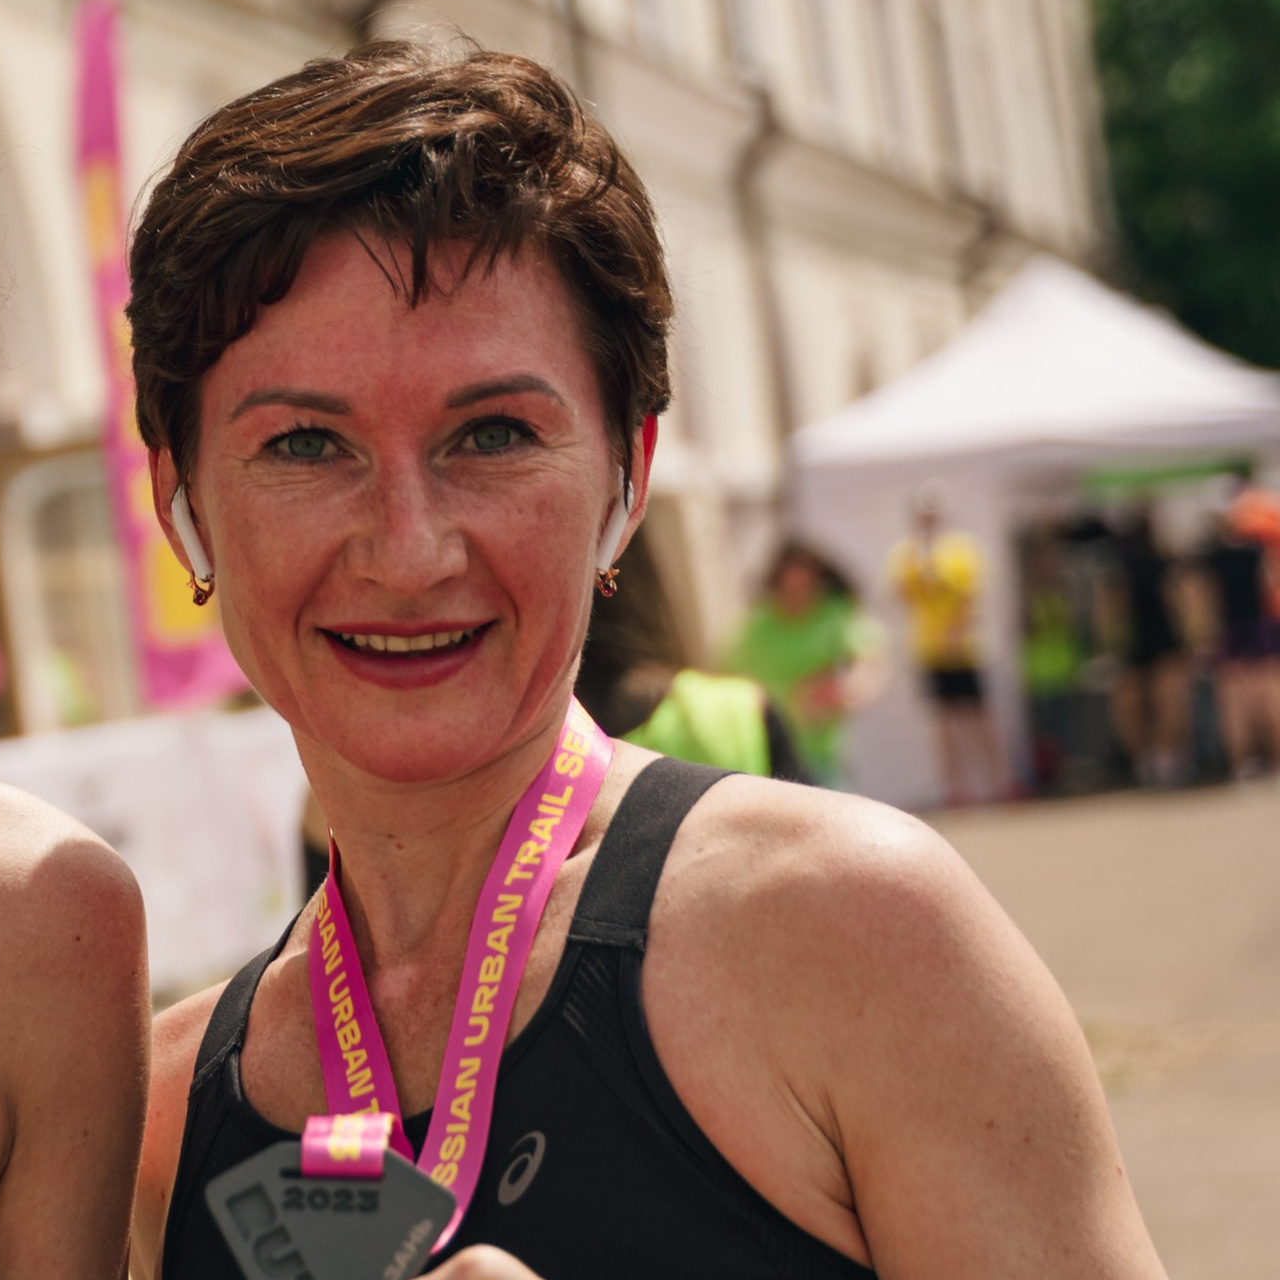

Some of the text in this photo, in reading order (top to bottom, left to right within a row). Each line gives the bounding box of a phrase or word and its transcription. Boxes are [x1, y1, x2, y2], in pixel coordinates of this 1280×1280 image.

[329, 971, 375, 1099] URBAN
[430, 1057, 481, 1188] SSIAN
[464, 893, 523, 1047] URBAN
[503, 783, 574, 887] TRAIL
[282, 1186, 380, 1213] 2023
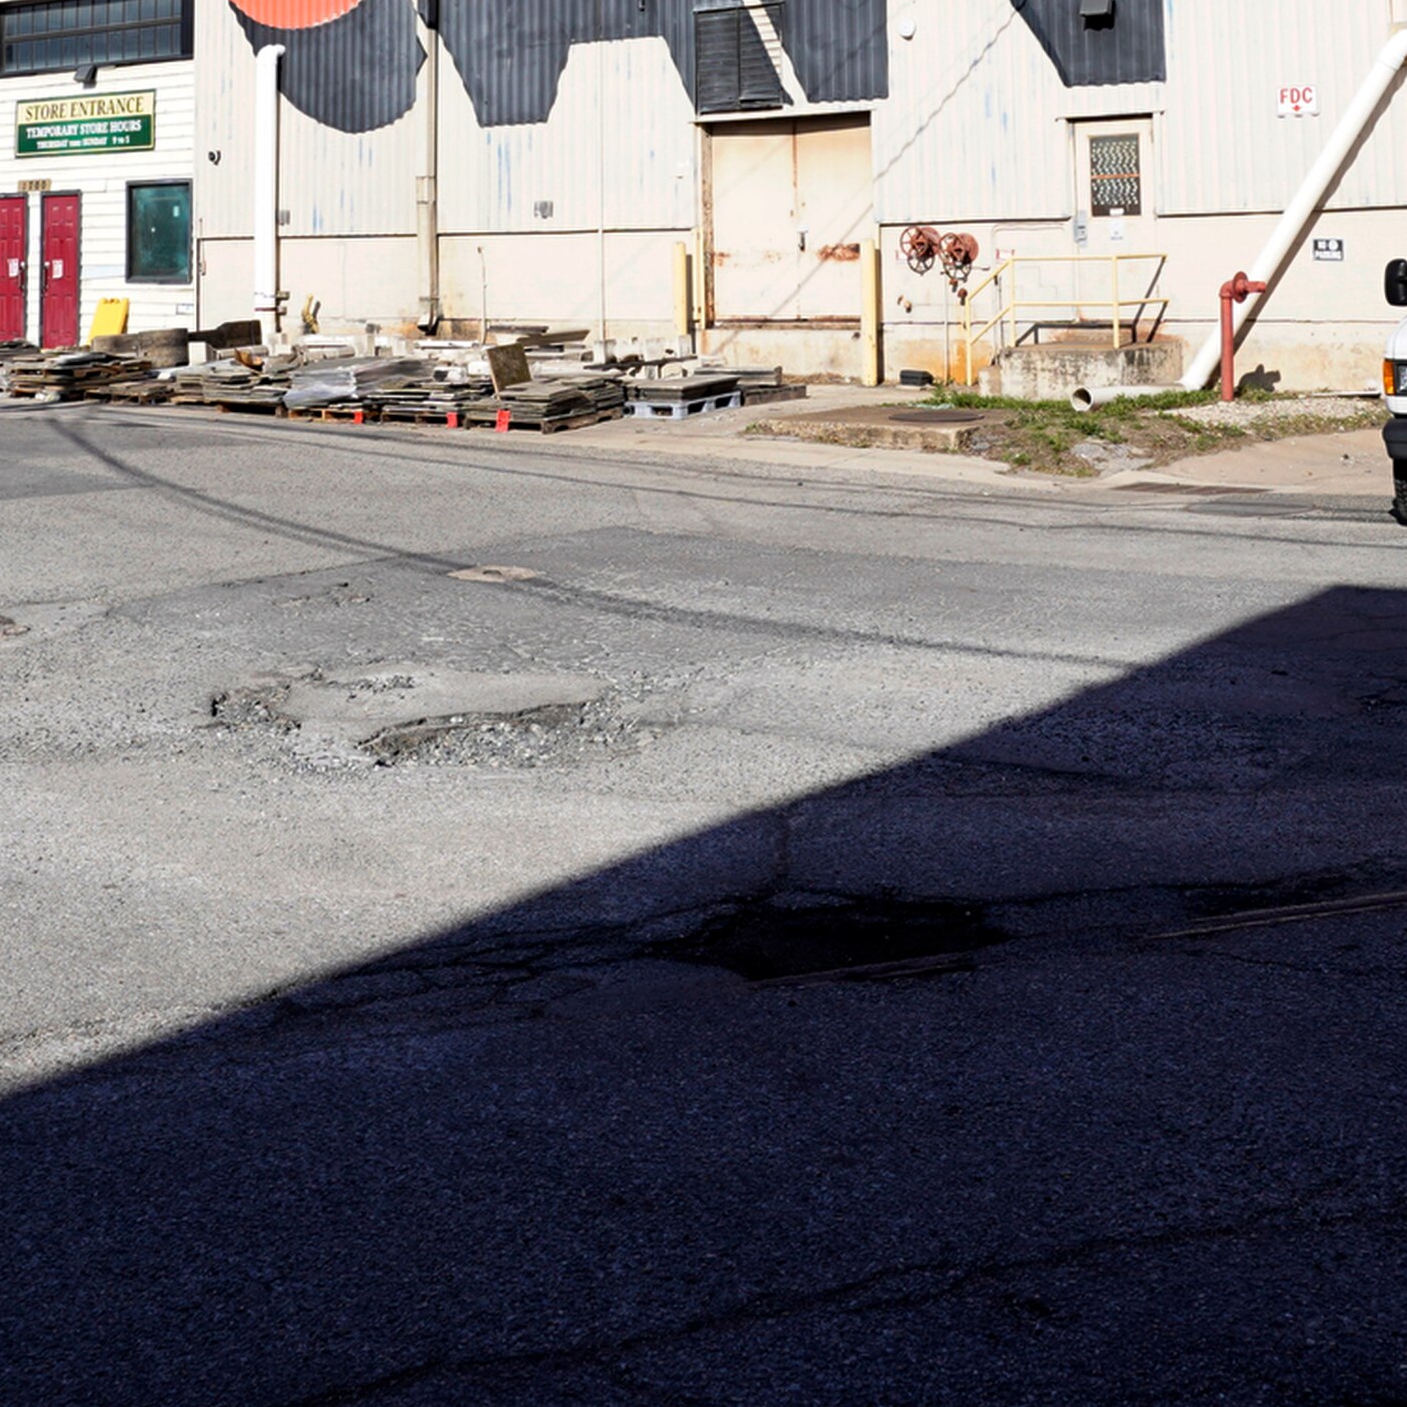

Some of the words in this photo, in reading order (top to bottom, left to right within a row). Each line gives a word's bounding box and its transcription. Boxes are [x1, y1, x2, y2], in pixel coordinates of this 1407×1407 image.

[1279, 87, 1313, 104] FDC
[25, 104, 68, 122] STORE
[70, 96, 144, 118] ENTRANCE
[26, 124, 79, 139] TEMPORARY
[80, 122, 109, 135] STORE
[110, 119, 142, 133] HOURS
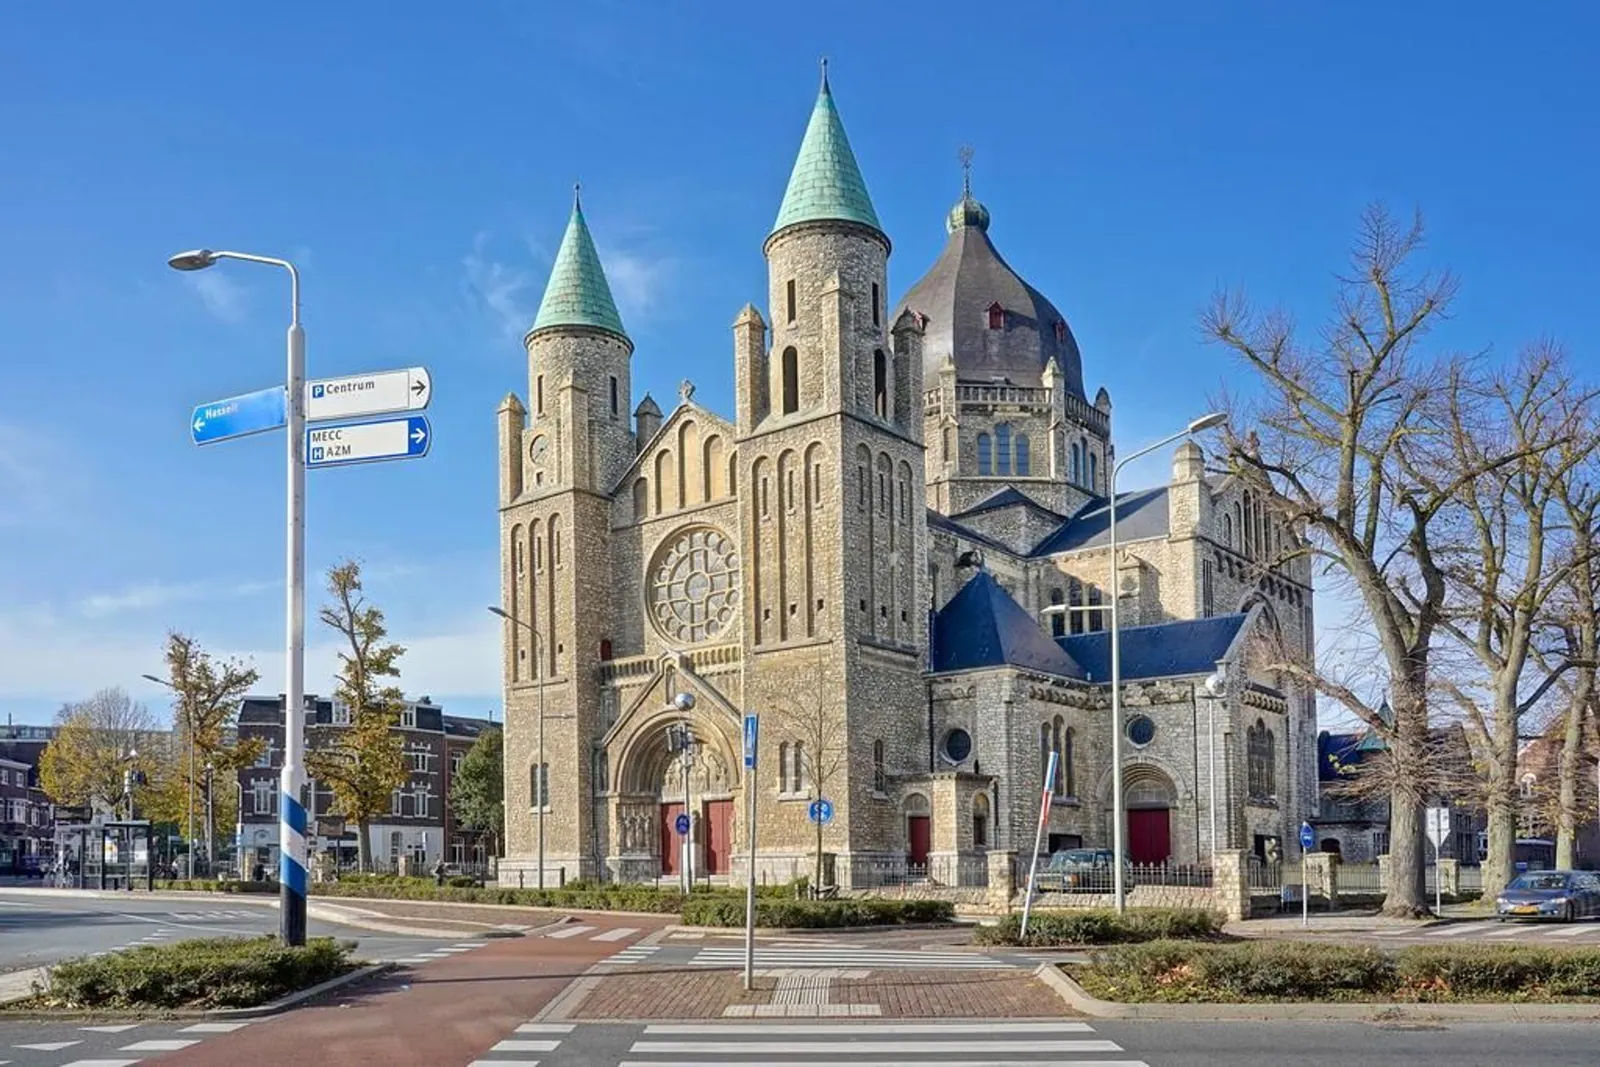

---

- TO DO
Would you give the entries above again verbatim, omitting the images they contain?

- ANSWER AREA
Some of the text in this photo, in reading order (top to bottom, left to right within a row). Each line gives the bounding box of a phrase or word and its transcription. Boxes are [x1, y1, x2, y2], in pixel coordinates of this 1280×1280 image.

[329, 971, 375, 1099] URBAN
[430, 1057, 481, 1188] SSIAN
[464, 893, 523, 1047] URBAN
[503, 783, 574, 887] TRAIL
[282, 1186, 380, 1213] 2023

Some of the words in this photo, in reading order (top to bottom, left to right within a row). Each line gives a word's bounding box and its transcription. Boxes are [x1, y1, x2, y2], in pixel coordinates of this 1407×1407 image.

[1279, 87, 1313, 104] FDC
[25, 104, 68, 122] STORE
[70, 96, 144, 118] ENTRANCE
[26, 124, 79, 139] TEMPORARY
[80, 122, 109, 135] STORE
[110, 119, 142, 133] HOURS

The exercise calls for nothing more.